A large crowd of spellbound spectators watched leaping flames and a mass of whirling crimson embers in great clouds of smoke fill the night sky as skyrockets and other fireworks stored in the Dolmetsch building “exploded by the hundreds, making the scene beautiful and awe-inspiring.” As brick walls swayed, succumbing to the conflagration and tumbling into the streets, there arose “a cry of horror from a thousand throats.” Fanned by a steady southeast wind, the inferno spread, an alley to the north providing a firebreak saving nearby buildings, as “sparks and burning brands for blocks” covered the downtown district with only snow-covered roofs that “proved the salvation of the city.” The following morning the smoldering ruins revealed a complete loss of buildings and stock totaling $1,070,000 (2024: $37,962,327).
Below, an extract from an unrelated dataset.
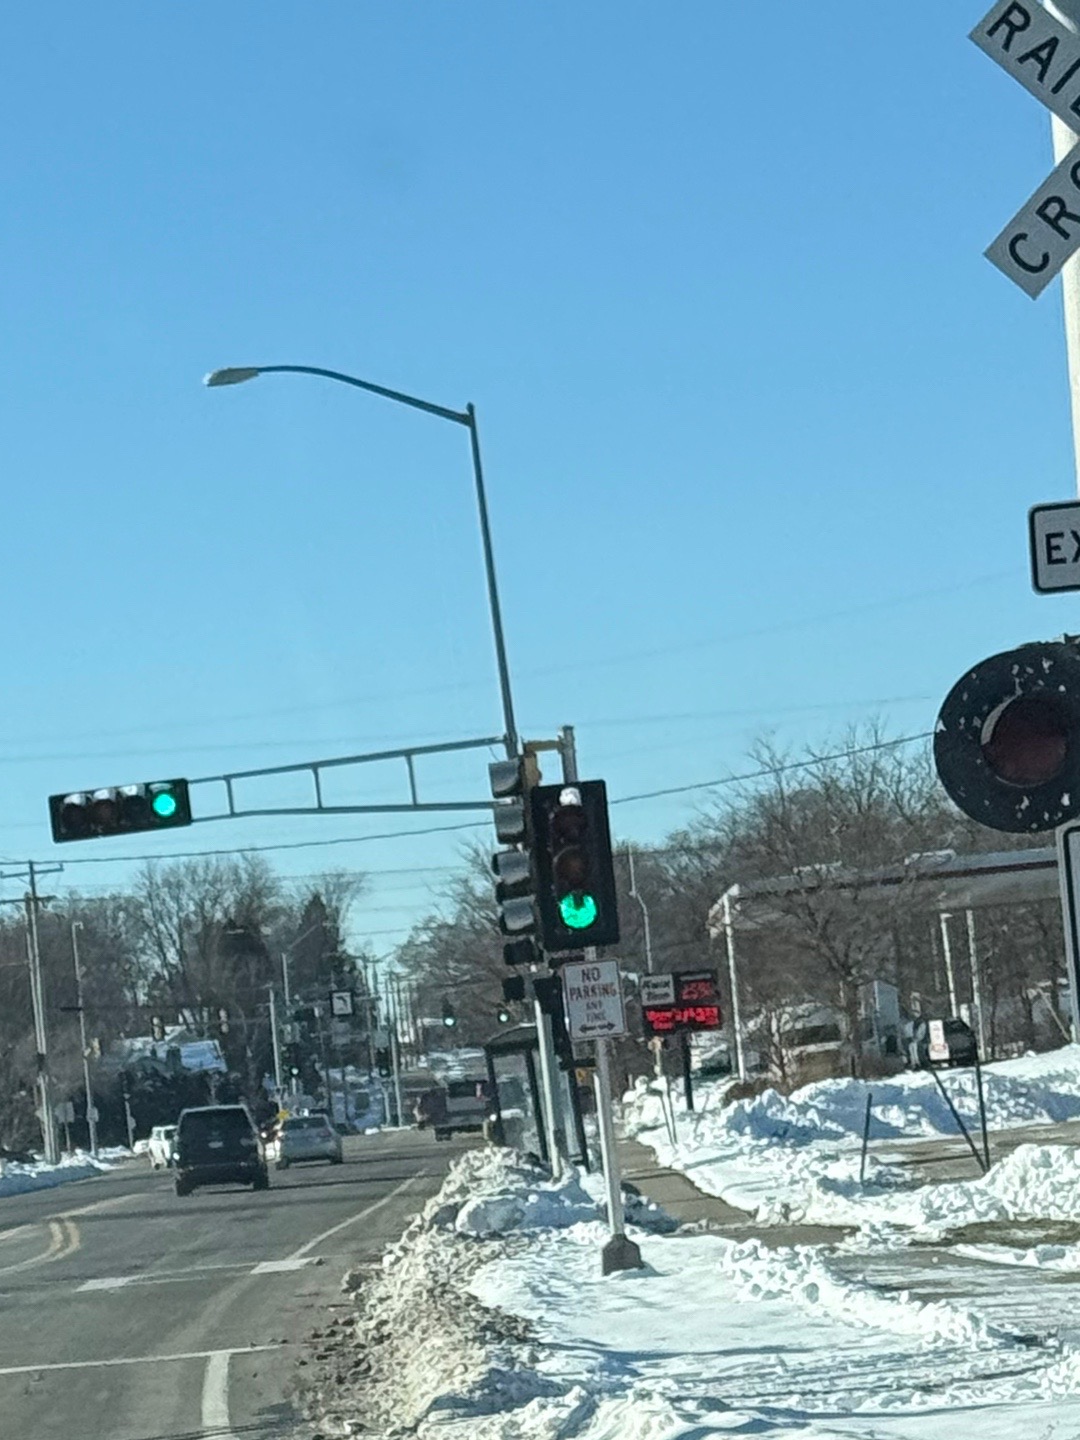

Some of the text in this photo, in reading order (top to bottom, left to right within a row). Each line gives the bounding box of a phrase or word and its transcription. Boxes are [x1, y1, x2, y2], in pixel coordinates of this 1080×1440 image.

While the Wholesale District fire was the most devastating loss of commercial buildings, the Industrial Building fire, Sunday evening, January 13, 1918, was the costliest in Indianapolis history to date. Occupying the block on the west bank of the Canal from Tenth to Eleventh Streets, the large four-story brick Industrial Building was the home of twenty-three manufacturing companies, “a majority of which were making machines and supplies” for the United States war effort. Of suspicious origin, the raging blaze was initially believed to have been part of a German plot because of the building’s use in the production of war materiel. Despite the freezing temperature, when firefighters arrived on the scene a little before 6:00 p.m. they augmented the water supply from large holes cut into the ice-covered Canal and began pouring many streams of water on the “mass of roaring flames” erupting from the roof and exploding from the windows. Their valiant efforts to contain the conflagration, however, were hindered by a strong southwest wind that sent glowing sparks raining down on homes and buildings in the adjoining community. Thousands of spectators gathered on the frozen Canal to watch the army of firefighters battle the inferno, but were forced to retreat to solid ground as the intense heat from the blaze melted the ice. Miraculously, no firefighter was injured as they leapt out of the way from falling walls. In addition to the Industrial Building, falling embers and intense heat from the fire destroyed six frame houses, the brick Simpson A.M.E Church, a grocery, and a saloon. Several other surrounding structures were damaged. The total loss was estimated at $2,000,000 (2024: $42,523,157).
Small and large fires in Indianapolis would continue to threaten property and lives, but the city’s well-equipped firefighters and their professionalism contained and reduced the threat of future infernos which well positioned the Indianapolis Fire Department to handle the potentially devastating November 1983 W. T. Grant fire.